Sunday, October 05, 2008

The Republicans are Getting Desperate and Resourting to Unjustified Attacks

The folk who ran George W. Bush's campaigns, Karl Rove et. al., are infamous for their willingness to use ugly and untrue charges in attack adds when their candidates are running behind. I have read that a lot of those same people have joined the McCain campaign. I know that John McCain has expressed repentance for politically motivated moves that he has made in past losing campaigns, but I thought he was above the current move towards attack adds. On the other hand, he has chosen a running mate who is a self professed equivalent of an attack dog with lipstick, and who seems to have few other qualifications for the office of vice president.

The Washington Post today reports that Sarah Palin is publicly charging that there is a close relationship between Bill Ayers, a former leader of the Weatherman Underground, and Barack Obama, citing a New York Times article.
Palin told Republican donors in Colorado that Obama "is not a man who sees America as you and I do -- as the greatest force for good in the world."
First, I thought Sarah Palin was a strong, born again Christian, and I would have guessed that she would think God was the "greatest force for good in the world.
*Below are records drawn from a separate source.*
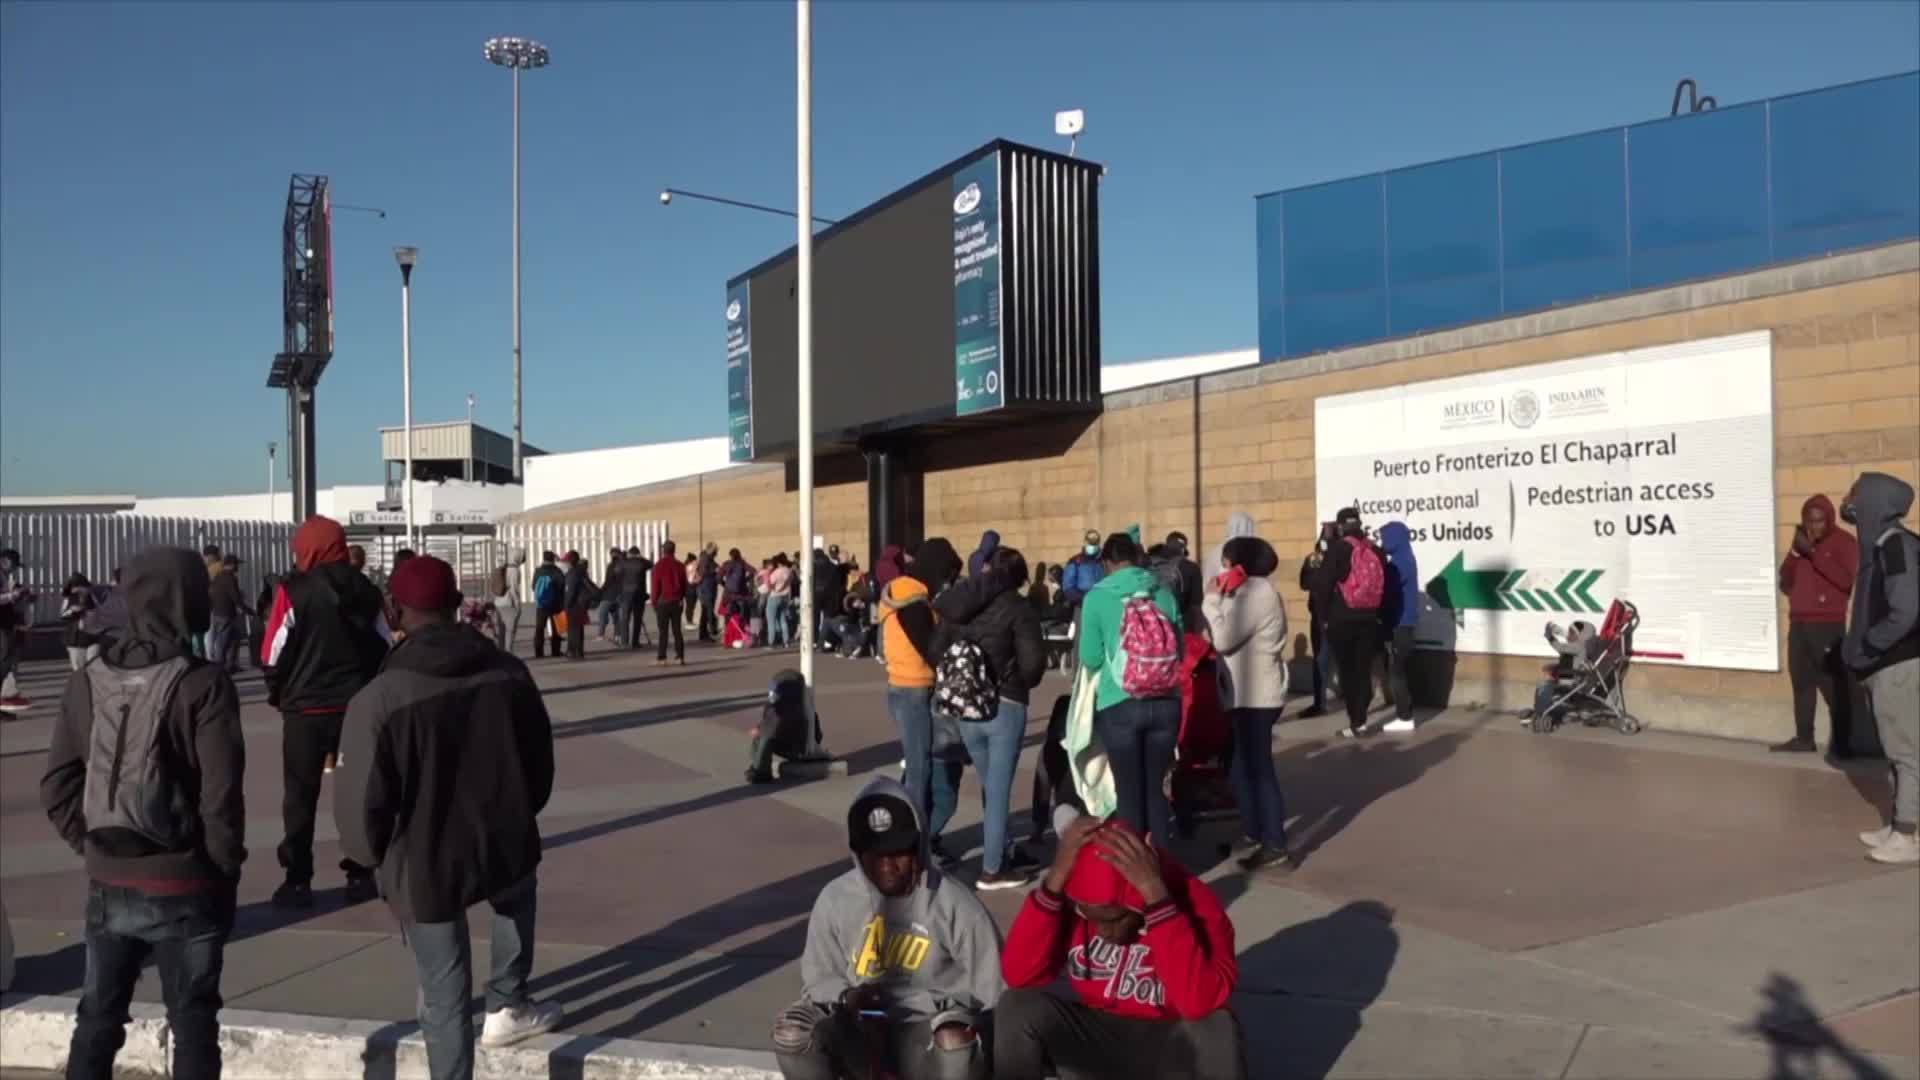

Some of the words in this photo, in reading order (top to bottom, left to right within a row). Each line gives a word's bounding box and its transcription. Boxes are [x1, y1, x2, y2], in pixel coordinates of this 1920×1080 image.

[1374, 459, 1431, 478] Puerto
[1435, 447, 1534, 473] Fronterizo
[1541, 442, 1557, 465] El
[1563, 432, 1676, 465] Chaparral
[1353, 497, 1402, 515] Acceso
[1405, 488, 1479, 515] peatonal
[1528, 481, 1633, 507] Pedestrian
[1640, 482, 1715, 501] access
[1364, 525, 1427, 542] Esos
[1432, 521, 1493, 542] Unidos
[1594, 519, 1615, 537] to
[1625, 513, 1677, 536] USA
The New York Times story in fact says:
the two men do not appear to have been close. Nor has Mr. Obama ever expressed sympathy for the radical views and actions of Mr. Ayers, whom he has called “somebody who engaged in detestable acts 40 years ago, when I was 8.”
According to Wikipedia:
William Charles "Bill" Ayers (born 26 December 1944)[1] is an American elementary education theorist, and former leading 1960s militant. He is known for the radical nature of his activism in the 1960s and 1970s, as well as his current work in education reform, curriculum and instruction.
He went underground for years, but after federal charges were dropped due to prosecutorial misconduct, eventually surrendered to the authorities.
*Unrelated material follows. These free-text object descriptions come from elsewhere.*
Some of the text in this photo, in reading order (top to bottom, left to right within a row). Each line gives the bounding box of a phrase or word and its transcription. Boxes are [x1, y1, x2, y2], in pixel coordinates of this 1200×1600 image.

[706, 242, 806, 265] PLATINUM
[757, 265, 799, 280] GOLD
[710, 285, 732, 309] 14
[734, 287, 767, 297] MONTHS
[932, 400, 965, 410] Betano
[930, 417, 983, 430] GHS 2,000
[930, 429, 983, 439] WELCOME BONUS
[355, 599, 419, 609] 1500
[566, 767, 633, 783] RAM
It sounds like he was an antiwar activist who did some very unwise things in his youth, but turned his life around, and became active in his local community, who is now being defiled by innuendo without any chance to defend himself. In any case, I thought in the United States we hold a man innocent until proven guilty.

Certainly Obama's connection with Ayers, participating in occasional joint meetings, is much less damning than McCain's association with convicted felon Charles Keating, for which McCain was formally reprimanded by the Senate.

Palin is not alone in making this baseless charge. I note the comment by John McCain, also quoted in the article in The New York Times:
In a televised interview last spring, Senator John McCain, Mr. Obama’s Republican rival, asked, “How can you countenance someone who was engaged in bombings that could have or did kill innocent people?”
Now I realize that Senator McCain ran bombing runs in North Vietnam in his youth, but I do not feel that fact alone should disbar him from holding high office in the United States, much less from associating with serious candidates for office. There are lots of other reasons why I don't think Senator McCain should be elected President -- his lack of economic wisdom, his close contacts with lobbyists and gambling interests, his reprehensible promotion of Keating even after the Saving and Loan scandal became public, his support for all of the worst policies of the Bush administration and the likely continuation of those policies if he is elected, and his narrowly hawkish foreign policy views are enough for me. Were they not sufficiently damning, the possibility of Sarah Palin suddenly becoming an unelected president, as eight vice presidents have done in the past, is truly frightening. Now I can add to the reasons for voting against the McCain-Palin ticket their letting their campaign go into the gutter.

This blog focuses on Knowledge for Development, and I usually refrain from commenting on the election. There are a lot more knowledgeable people for that. But the use of false claims during the election campaign does is a misuse of the media that fits clearly in the content of this blog.

Herbert Hoover, a very good man but a terrible president, vetoed Congressional bill after Congressional bill at the start of the Depression, and let an economic crisis develop into a global economic depression. We can not afford to let the current economic crisis evolve into something much worse.

George Bush and his administration told us that they had definite information that justified our going to war, and that the war would be short, liberating a people who would welcome our troops and quickly create a democratic government. They were tragically wrong, at a cost of thousands of American dead, tens of thousands of American wounded, tens of thousands of dead innocent Iraqis, huge damage to the Iraqi nation, and damage to the American foreign policy we may never be able to repair.

We can not entrust economic policy over the next four years to candidates who gain office by gutter politics. We can not entrust our foreign policy and the conduct of two wars to candidates who gain office by gutter politics. If I can't trust what they tell me when they are running for office, how can I trust what they tell me if they get into office???!!! And if I can't trust what they tell me, how can we expect markets and foreign nations to do so?